Text only, exactly as given: reproduce the entries below without their pictures.

______

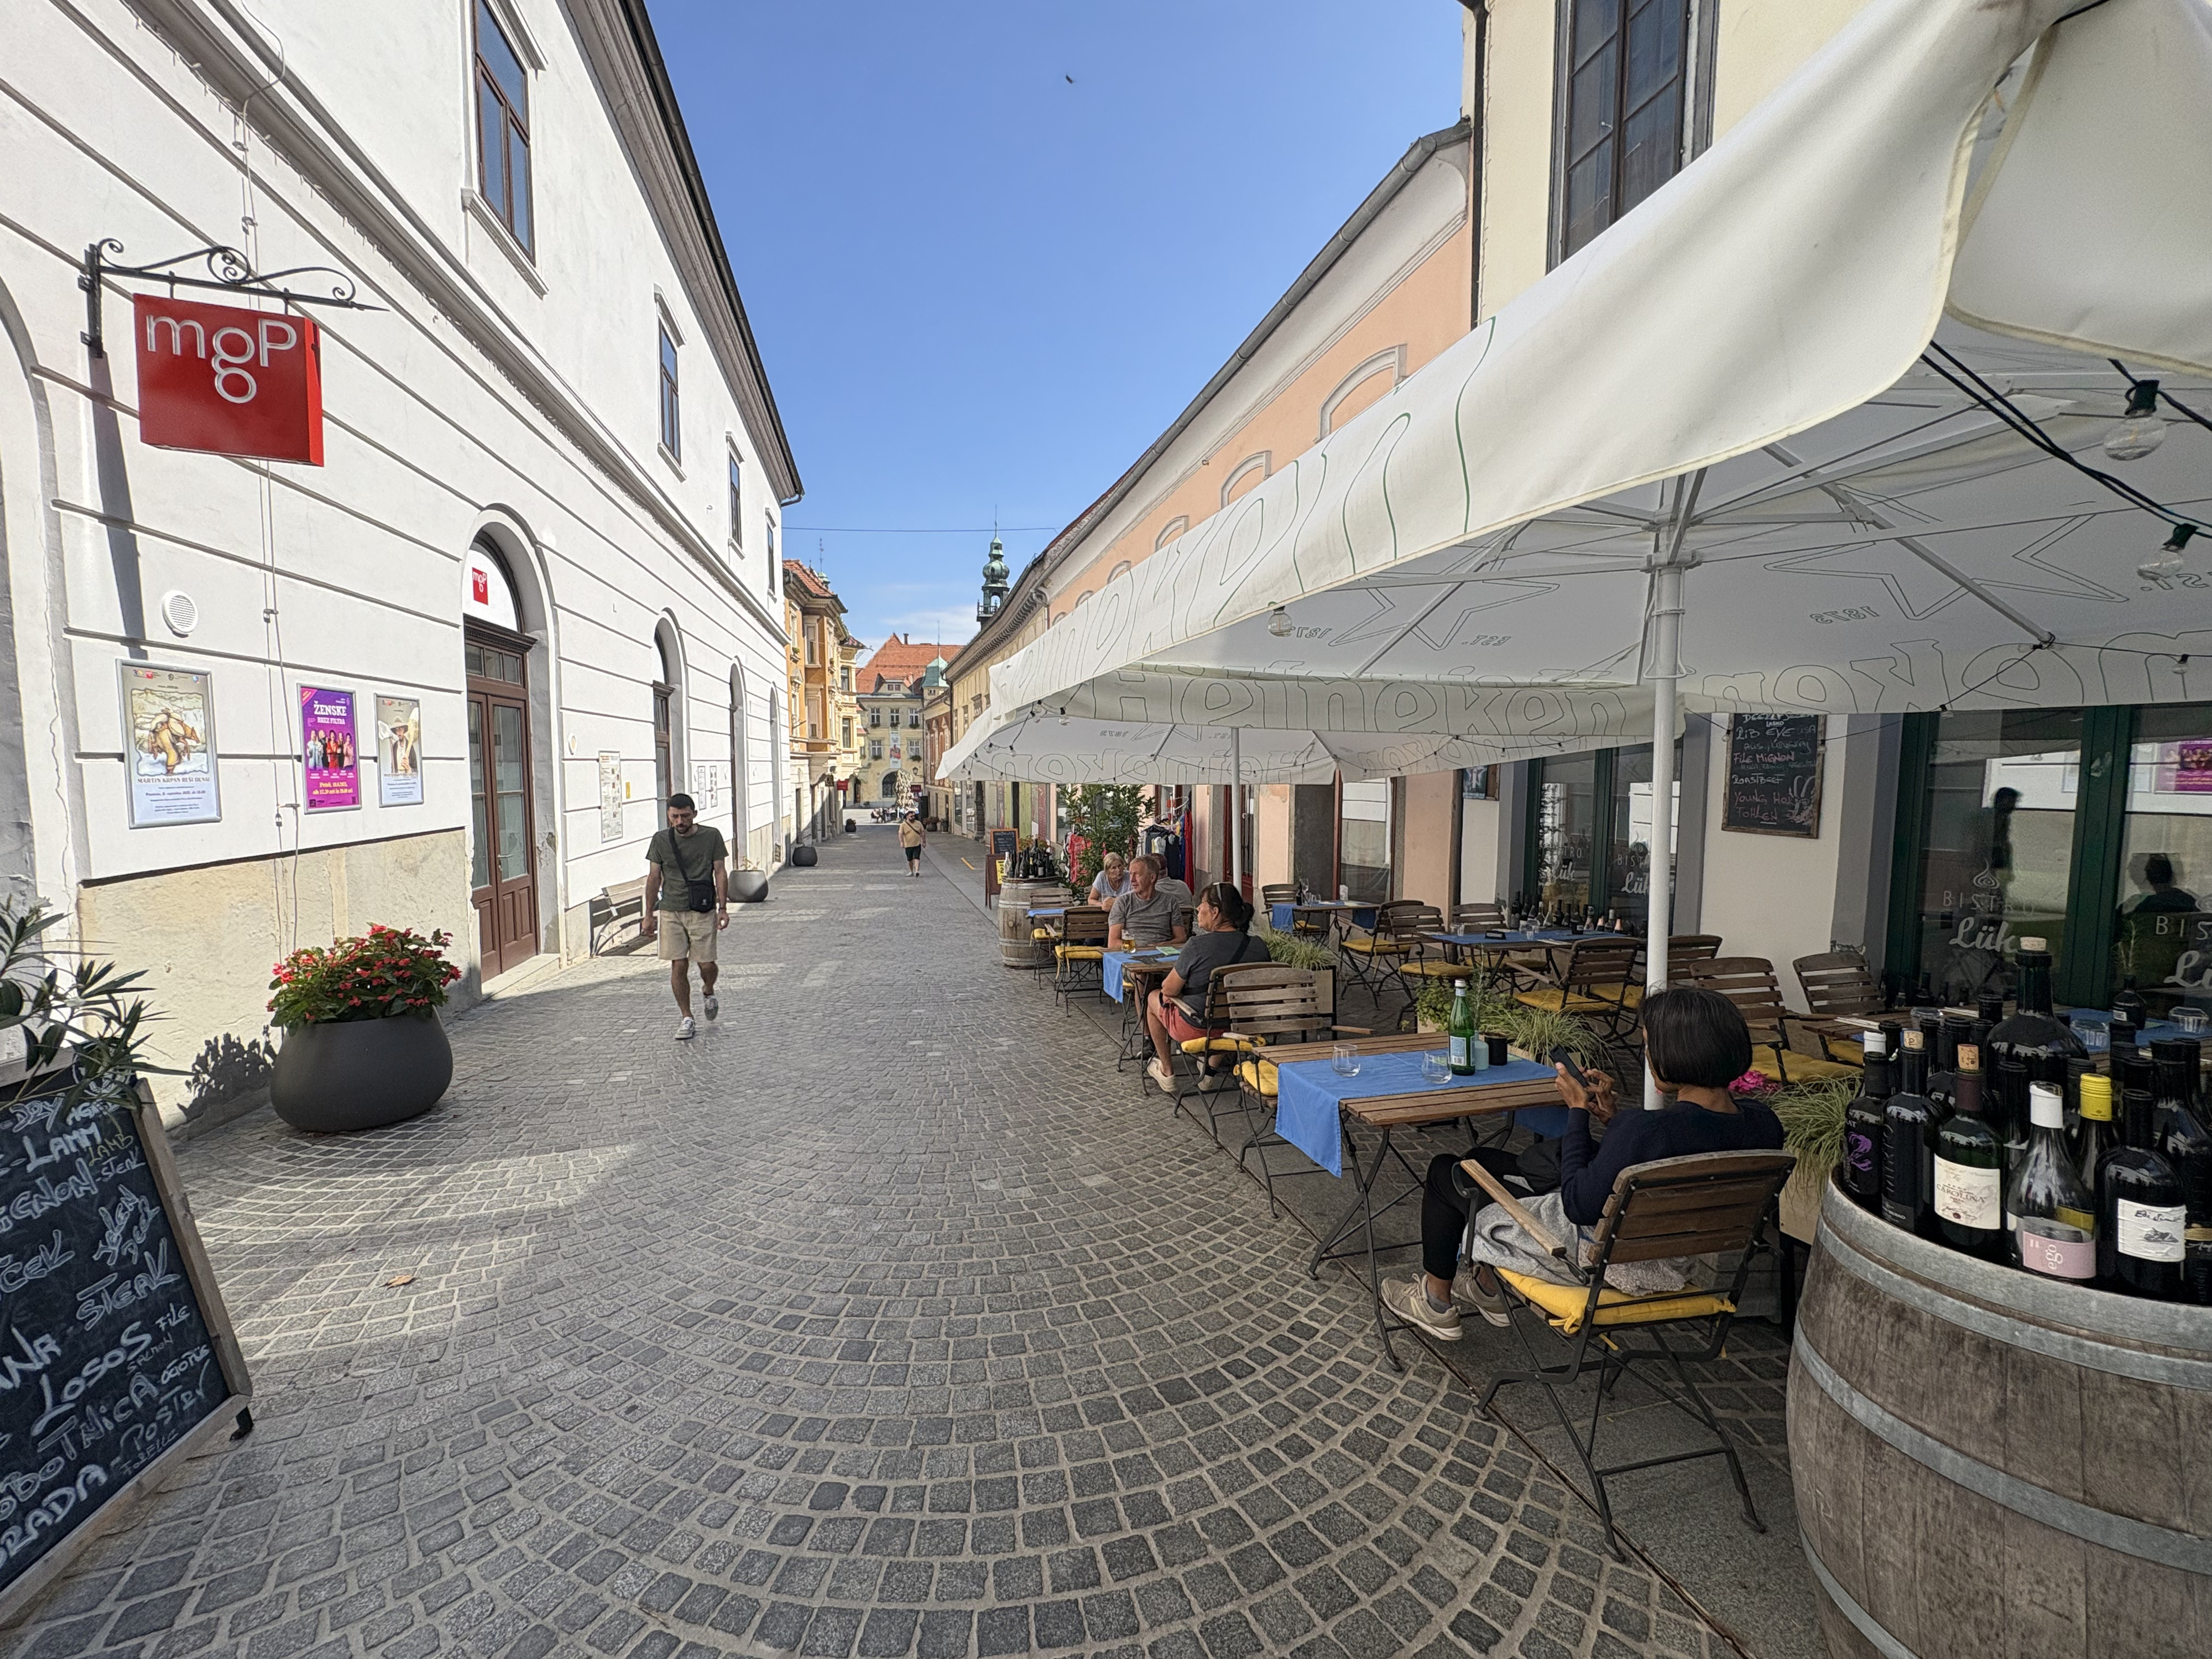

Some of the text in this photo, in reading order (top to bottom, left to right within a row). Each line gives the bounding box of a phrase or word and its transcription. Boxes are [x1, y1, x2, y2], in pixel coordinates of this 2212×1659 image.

[314, 700, 347, 717] ŽENSKE
[1948, 917, 2018, 953] Lük
[1936, 1183, 1985, 1204] CAROLINA
[76, 1237, 181, 1332] STEAK
[30, 1321, 153, 1437] LOSOS

______

Answer to this task =>
Some of the text in this photo, in reading order (top to bottom, left to right within a row). Each line gives the bounding box of a phrase or word and its transcription. Boxes are [x1, y1, x2, y2], in pixel coordinates of this 2212×1659 image.

[314, 700, 347, 717] ŽENSKE
[1948, 917, 2018, 953] Lük
[1936, 1183, 1985, 1204] CAROLINA
[76, 1237, 181, 1332] STEAK
[30, 1321, 153, 1437] LOSOS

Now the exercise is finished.